Ayrıca çocuğun soy bağının yanlış kaydedilmesini sağlayanlar için TCK da asgari 1 yıl hapis cezası müeyyidesi mevcuttur.
Evlilik dışında doğan çocukların baba hanesine tescil edilebilmesi ve babasının soyadını almasının bir kaç yolu var. Baba noterden tanıma beyanında bulunabilir, baba nüfus müdürlüğüne tanıma beyanında bulunabilir, son olarak baba, mahkeme huzurunda tanımayı kabul edebilir. Baba tanımayı kabul etmiyorsa, babalık davası açılmalıdır. Bunun için davayı yürütmek üzere çocuk adına kayyım tayin edilmelidir. Davada babalığa hükmedilirse, çocuk kadının hanesinden babanın nüfus hanesine taşınır ve baba soyadını alır.
Görüldüğü gibi evlilik olmadığından, kendiliğinden çocukla baba arasında hukuki ilişki kurulmamakta ve çocuk baba soyadını alamamaktadır. Ya baba belirtilen yollarla çocuğu tanıyacak, ya da mahkeme aracılığı ile babalığa hükmedilerek yasa gereği bu ilişki kurulacaktır. Bu arada babalık davasının açılması için önce çocuğa kimlik çıkartmak gerekir. Nüfusa kayıtlı olmayan biri için dava açılamaz ve yürütülemez. Açılacak babalık davasında ayrıca çocuk için nafaka talep edilebiliyor. Evlilik dışı doğan çocuğun velayeti annededir. Çocuk menfaatleri, sağlığı, bakımı ve gelişmesi konusunda kadının çocuğa zararlı davranışları olduğu kanıtlanmadığı sürece çocuk anne ile birlikte yaşamaya devam edecektir.
Nüfus müdürlükleri; valiliklerin kolluk kuvvetlerini kullanma ve çocuğun isim ve nesebini, araştırma aile kütüklerine tescili sağlama görevleri de vardır.
Yazı başlığına dönersek, geçtiğimiz günlerde talihsiz bir olaya tanık oldum. Yaşı ilerlemiş X bir erkek şahsın, evine posta memuru tebligat getirir. Tebliğde evlilik dışı doğan bir şahsın babası olarak nüfusta isminin yazıldığı, gerçek babanın tesbit edildiği, tesbit edilen babanın hanesine kayıt için davanın nüfus müdürlüğü tarafından X şahsa davalı sıfatıyla yöneltildiği, duruşma gün ve saati ile dava dilekçe evrakları X şahsın ailesine tebliğ edilir.
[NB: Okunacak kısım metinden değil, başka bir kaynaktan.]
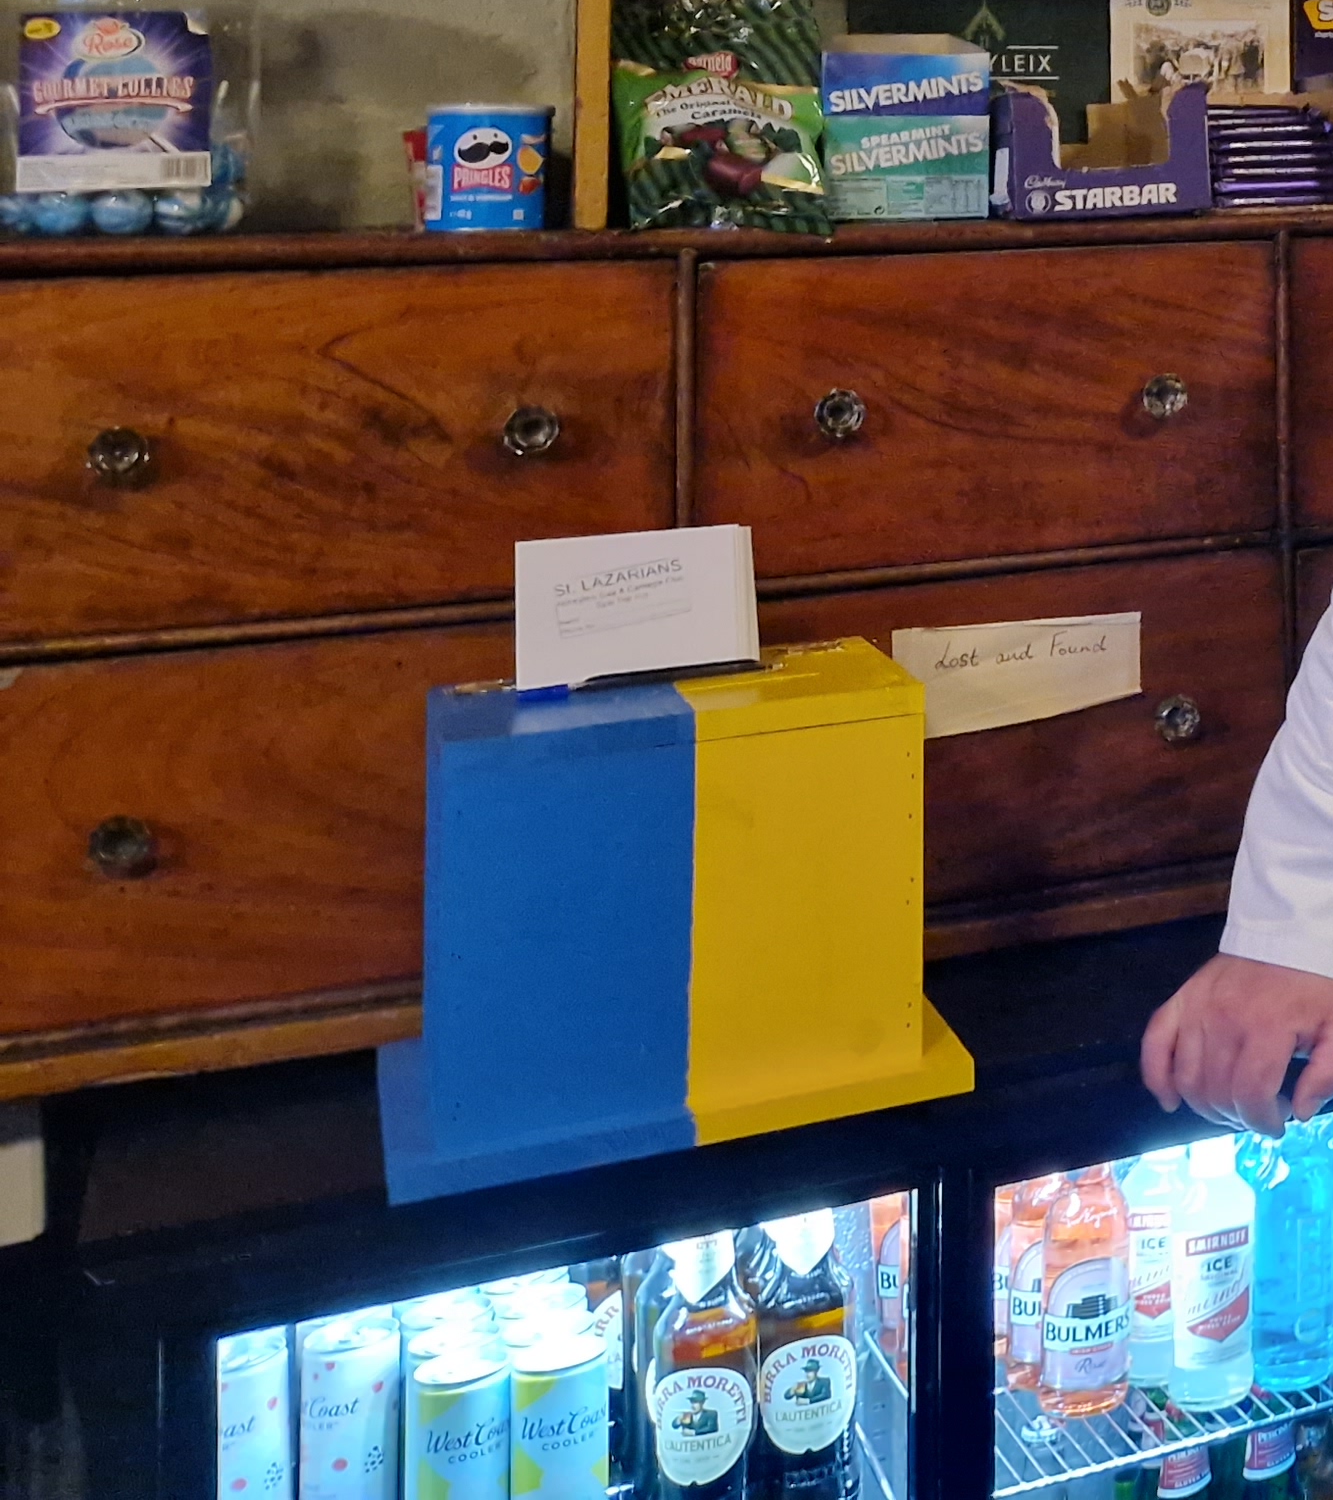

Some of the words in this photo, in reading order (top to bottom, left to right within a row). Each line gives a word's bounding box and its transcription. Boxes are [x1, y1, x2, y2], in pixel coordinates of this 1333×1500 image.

[33, 78, 108, 103] GOURMET
[117, 75, 194, 99] LOLLIES
[644, 77, 794, 122] EMERALD
[829, 71, 984, 114] SILVERMINTS
[860, 123, 951, 149] SPEARMINT
[829, 131, 985, 176] SILVERMINTS
[453, 165, 511, 190] PRINGLES
[1054, 182, 1177, 212] STARBAR
[580, 558, 683, 592] LAZARIANS
[934, 640, 979, 671] Lost
[995, 643, 1034, 665] and
[1049, 629, 1107, 657] Found
[1140, 1236, 1167, 1250] ICE
[1187, 1228, 1248, 1255] SMIRNOFF
[1205, 1254, 1233, 1272] ICE
[1045, 1312, 1131, 1344] BULMERS
[763, 1351, 798, 1405] BIRRA
[801, 1343, 854, 1391] MORETTI
[687, 1375, 748, 1425] MORETTI
[426, 1429, 472, 1455] West
[521, 1416, 567, 1441] West
[541, 1429, 595, 1452] COOLER
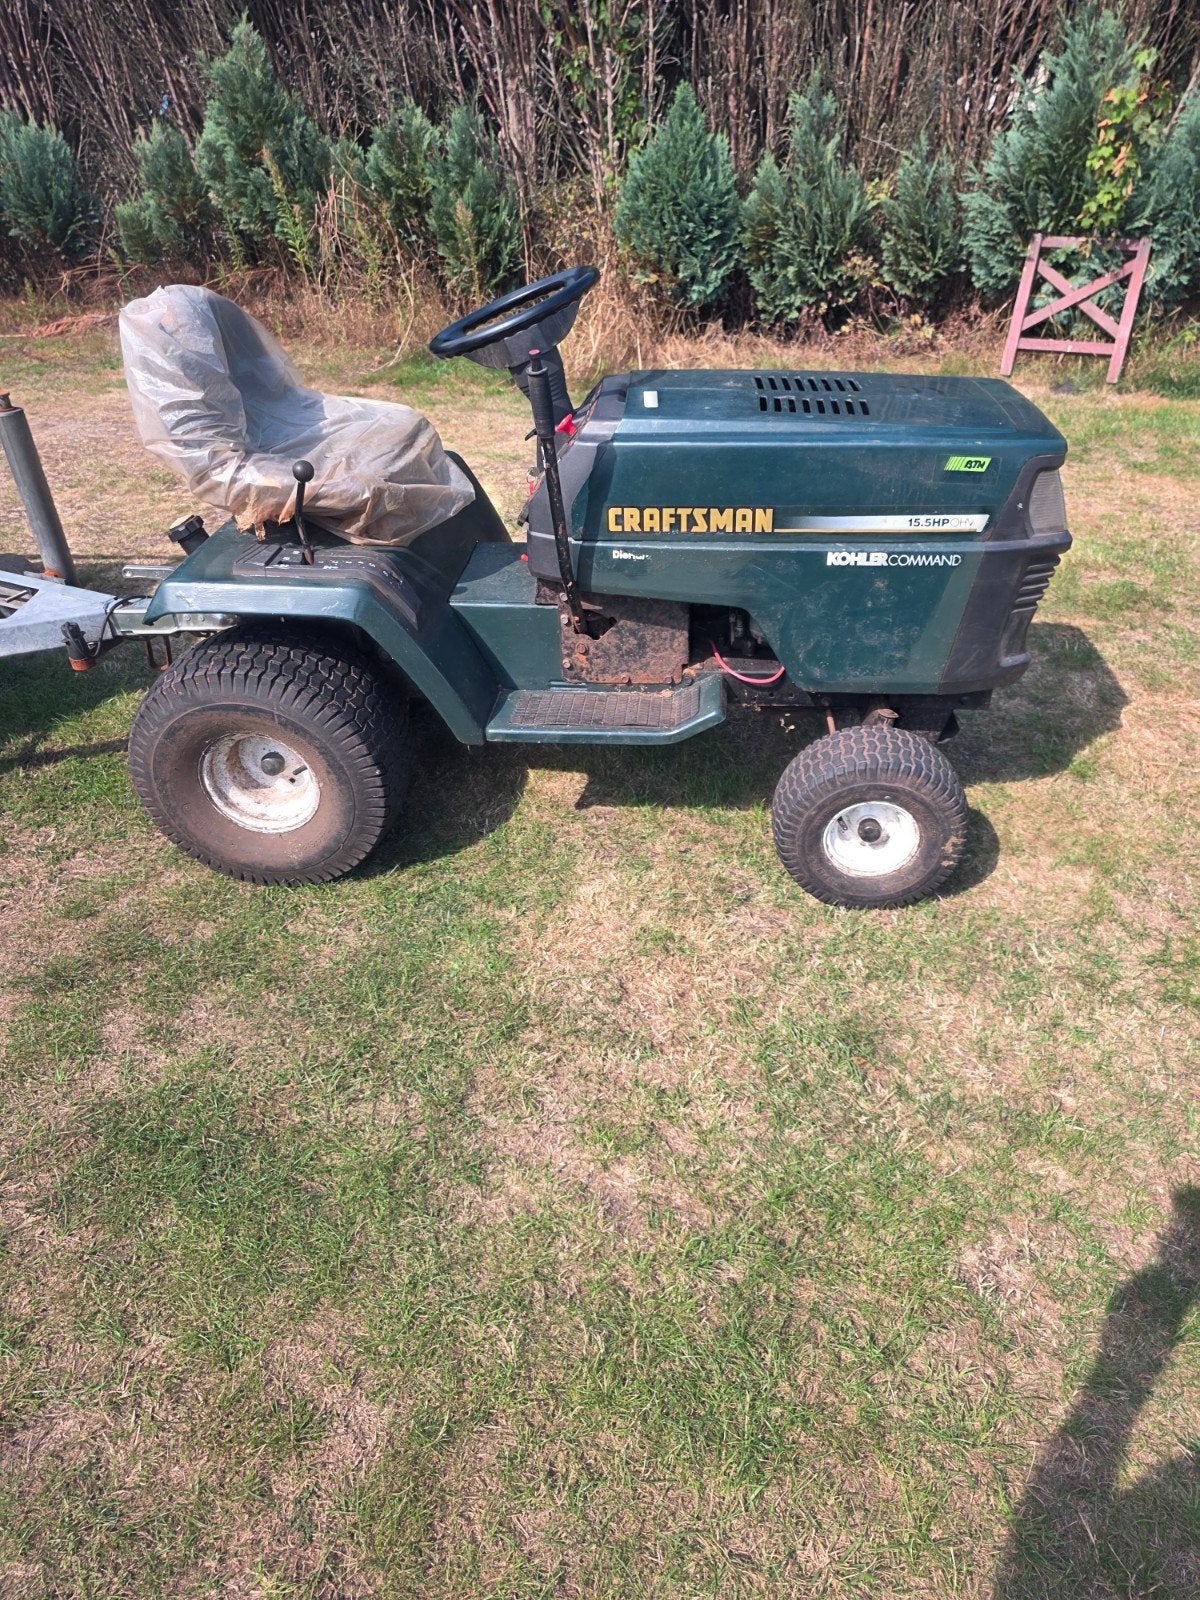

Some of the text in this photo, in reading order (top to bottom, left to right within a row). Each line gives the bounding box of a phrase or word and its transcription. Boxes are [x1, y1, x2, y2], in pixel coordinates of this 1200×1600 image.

[607, 507, 774, 533] CRAFTSMAN
[826, 551, 962, 566] KOHLER COMMAND
Arkasından nüfus müdürlüğünün ihbarı üzerine X şahsı aleyhine Soy bağını değiştirme suçu konulu bir ceza davası açıldığı haber alınır. Dosya incelenir. X şahsının hiçbir şekilde ilgisinin bulunmadığı, çocuğun annesinin, X şahsının sadece adını izinsiz kullanıp, baba olarak beyan ettiği anlaşılır. İlerleyen safhada annesi, bu X şahsı şu amcadır deyince, zavallı X şahsı hem ceza, hem de hukuk davasında istemeden de olsa taraf olur.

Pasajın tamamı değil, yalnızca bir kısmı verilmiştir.